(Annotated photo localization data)

+---+

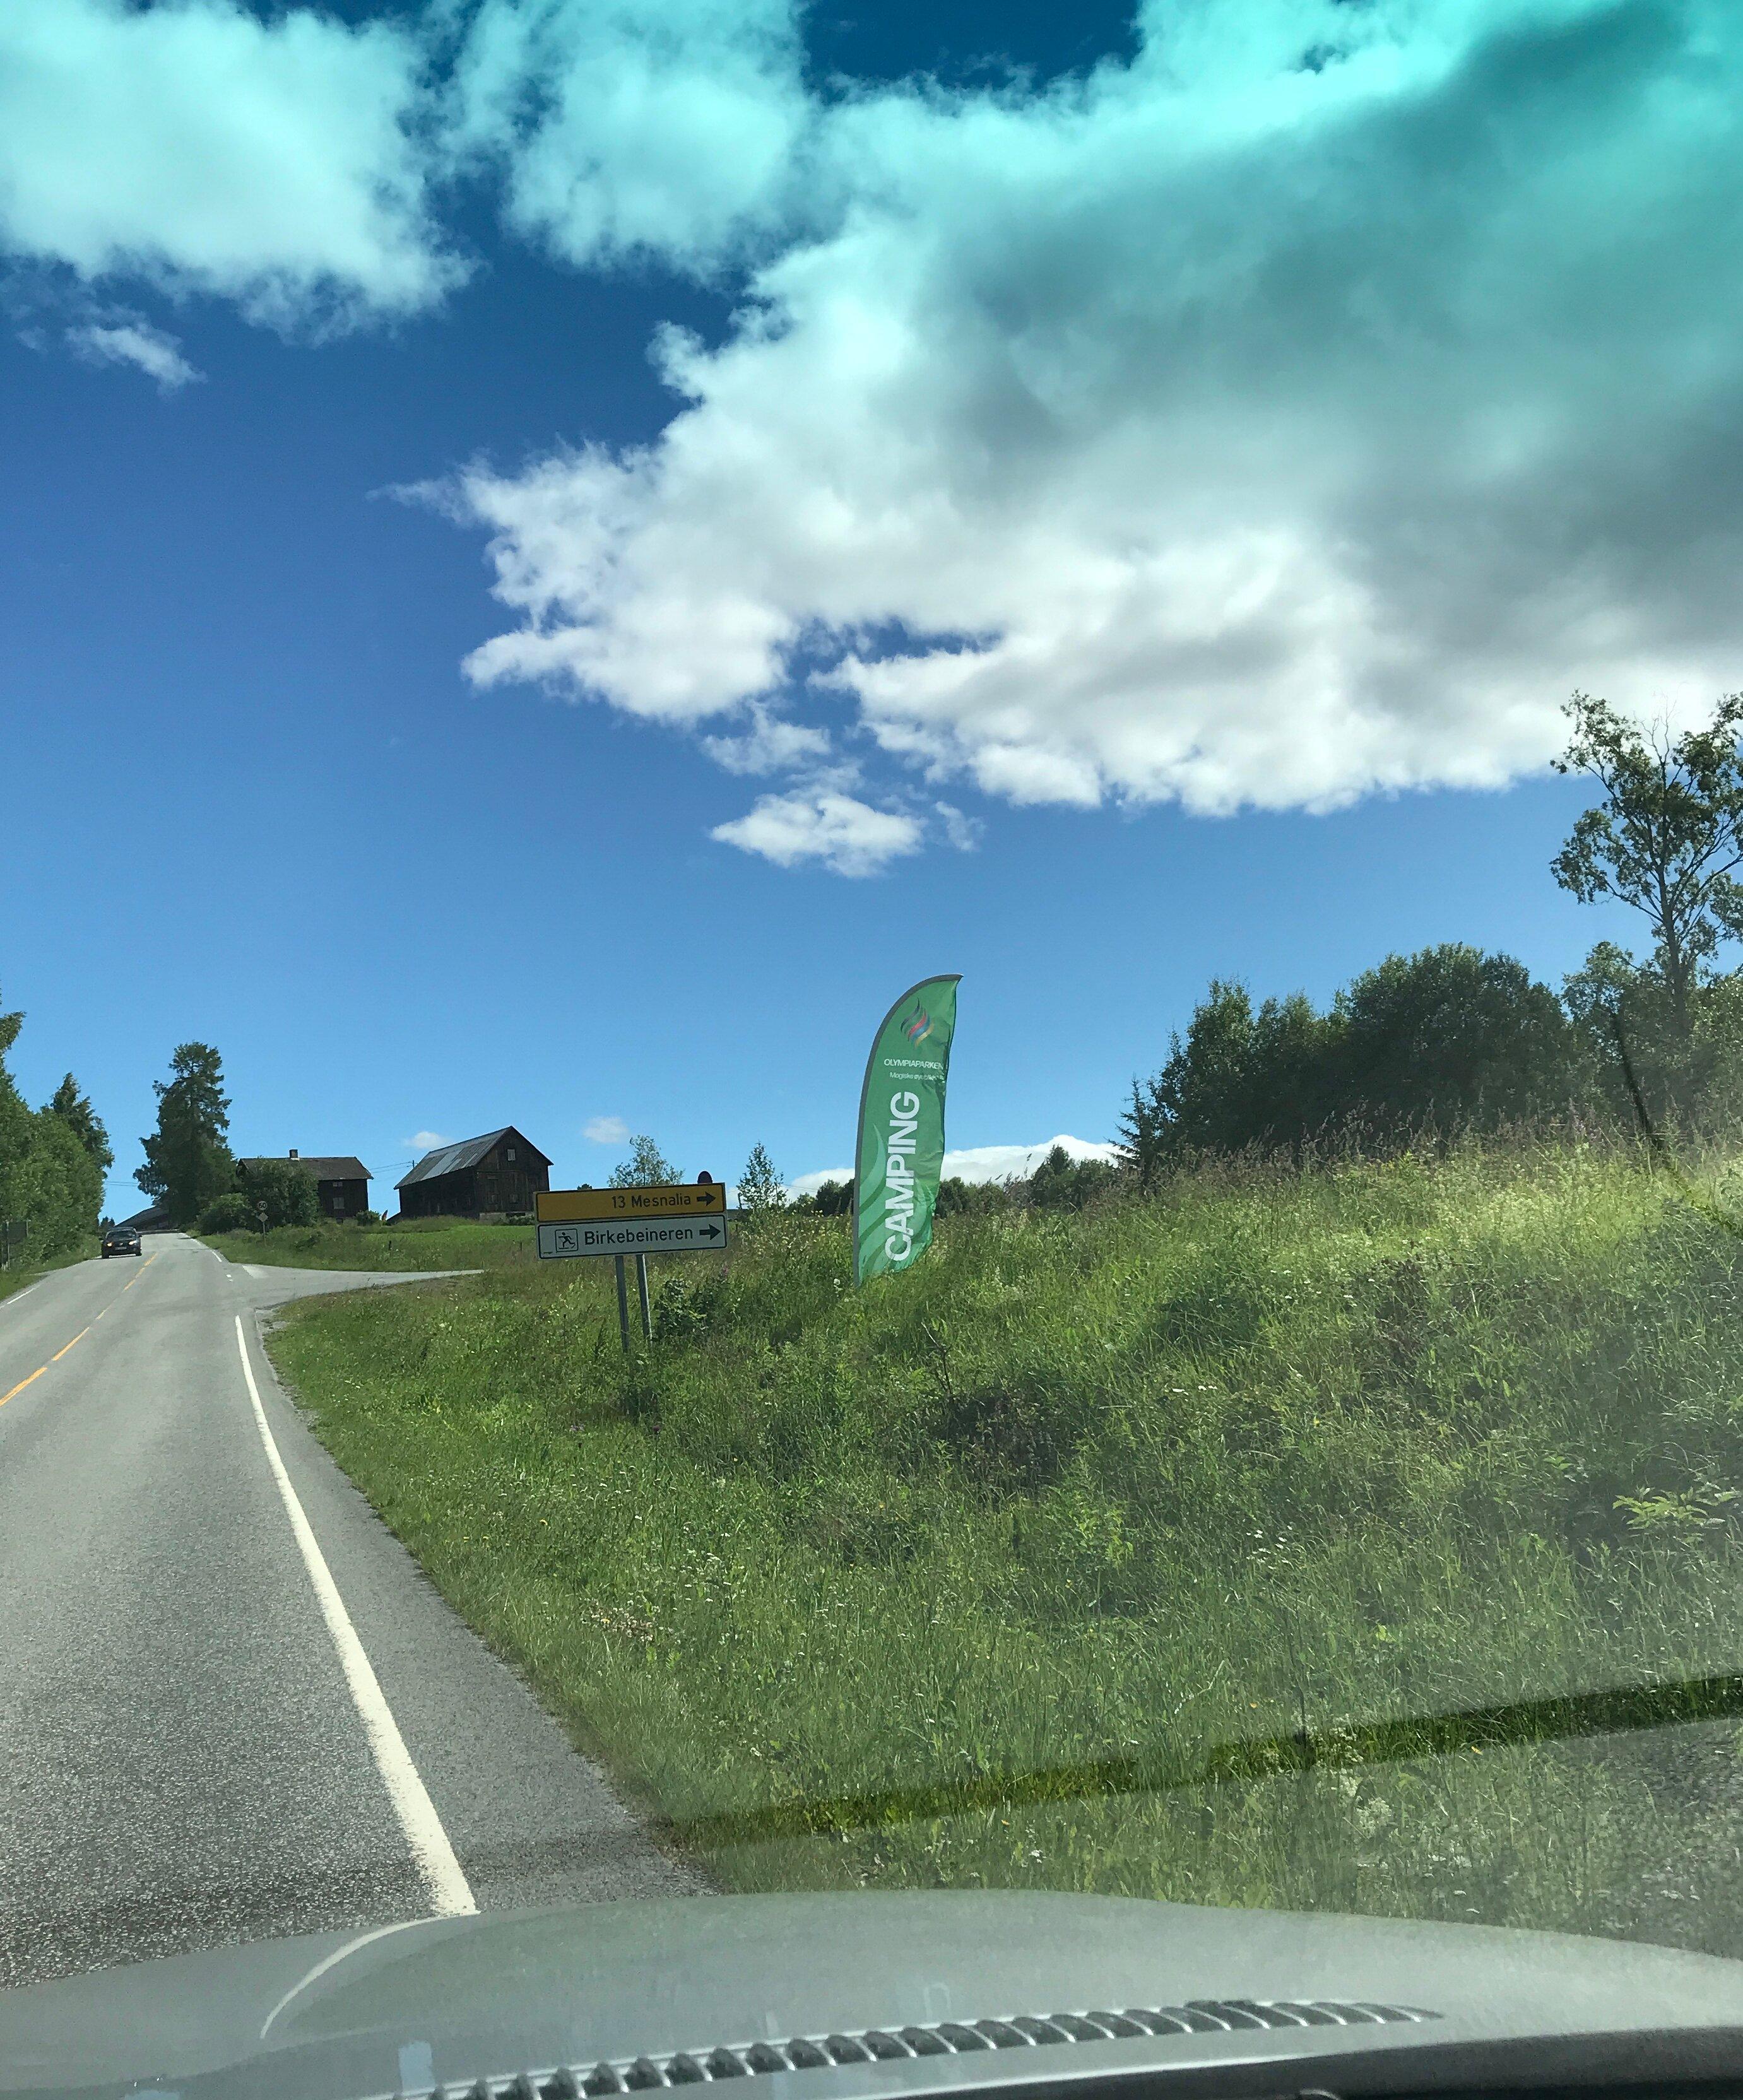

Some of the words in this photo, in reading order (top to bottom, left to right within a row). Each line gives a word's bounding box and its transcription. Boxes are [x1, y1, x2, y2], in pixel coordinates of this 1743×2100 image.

[884, 1059, 943, 1070] OLYMPIAPARKEN
[885, 1092, 919, 1261] CAMPING
[612, 1195, 626, 1208] 13
[632, 1193, 691, 1208] Mesnalia
[584, 1228, 693, 1245] Birkebeineren
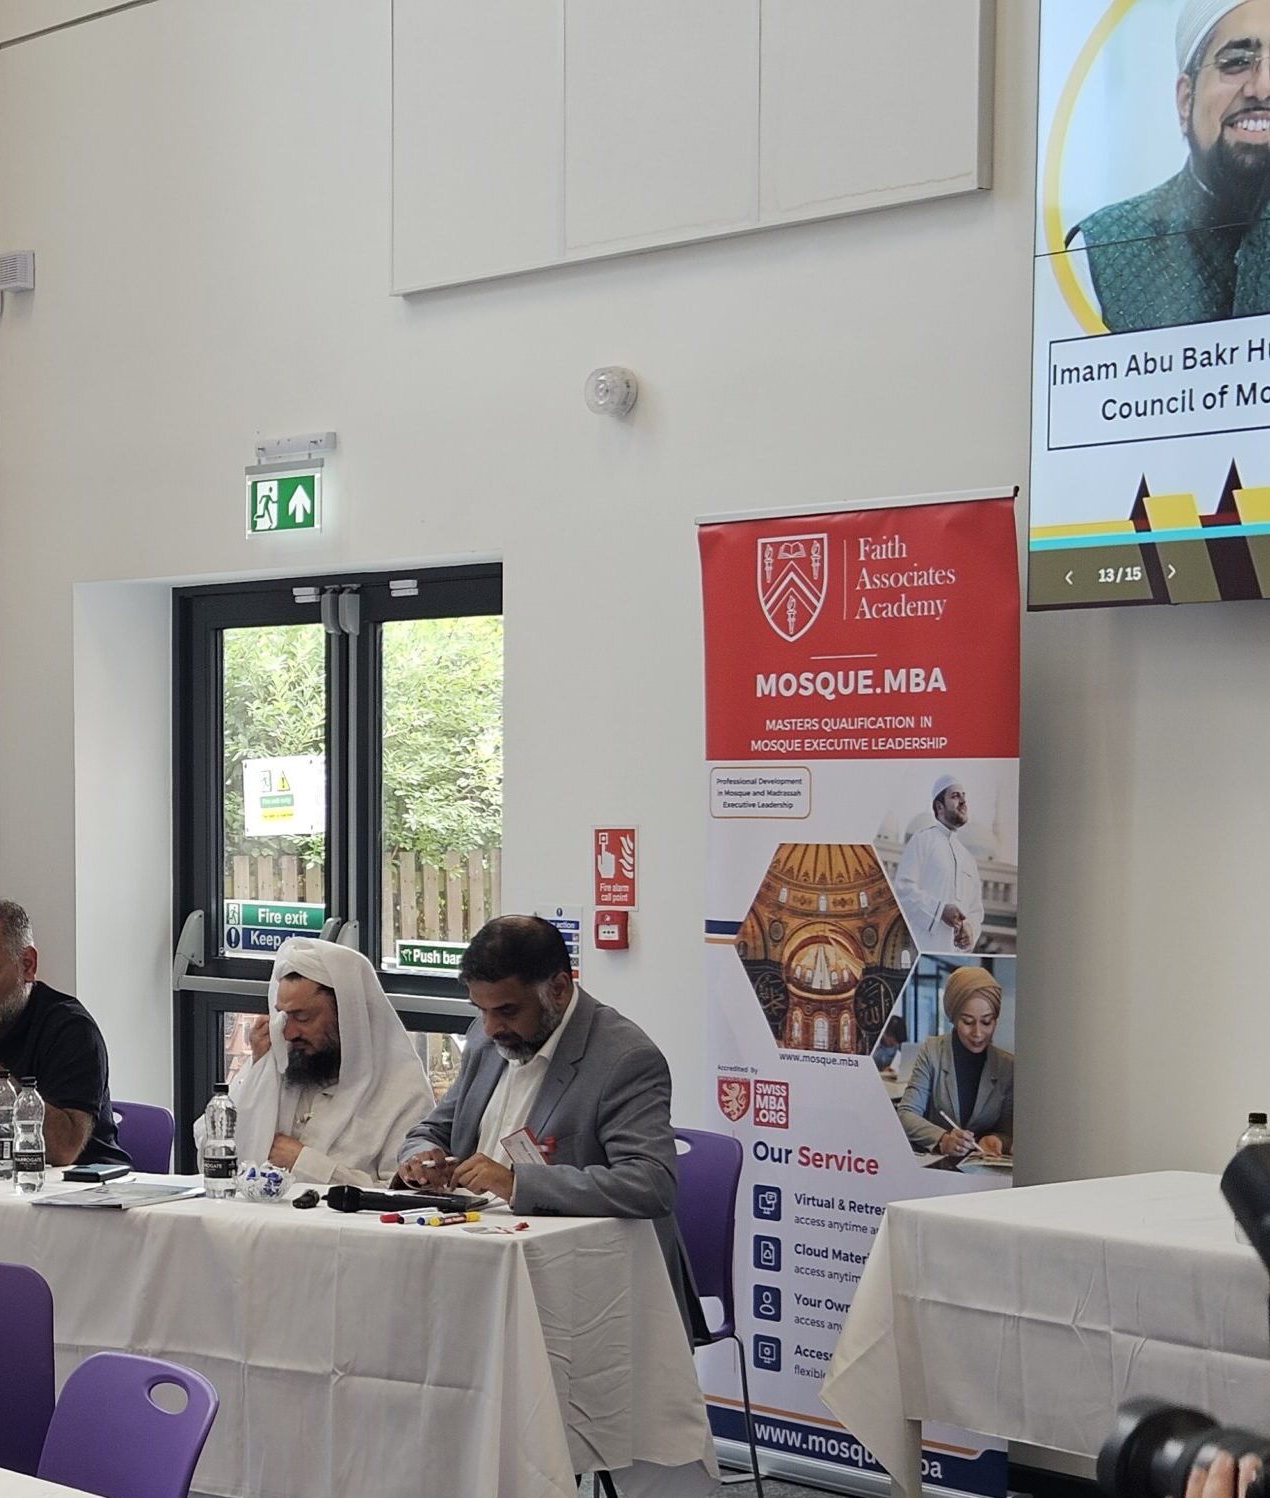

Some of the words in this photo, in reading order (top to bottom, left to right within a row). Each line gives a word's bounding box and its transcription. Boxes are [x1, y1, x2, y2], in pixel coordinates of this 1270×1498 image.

+---+

Requirement
Print each entry above verbatim, pictures left out.

Written response
Some of the words in this photo, in reading order (top to bottom, left to right within a row). Each line gives a word's bounding box and its transcription. Boxes are [x1, y1, x2, y2], in pixel coordinates of this 1743×2100 image.

[884, 1059, 943, 1070] OLYMPIAPARKEN
[885, 1092, 919, 1261] CAMPING
[612, 1195, 626, 1208] 13
[632, 1193, 691, 1208] Mesnalia
[584, 1228, 693, 1245] Birkebeineren

Some of the words in this photo, in reading order (top to bottom, left to right within a row). Each line gives a word's bounding box and its transcription. Boxes are [x1, y1, x2, y2], in pixel coordinates of this 1270×1498 image.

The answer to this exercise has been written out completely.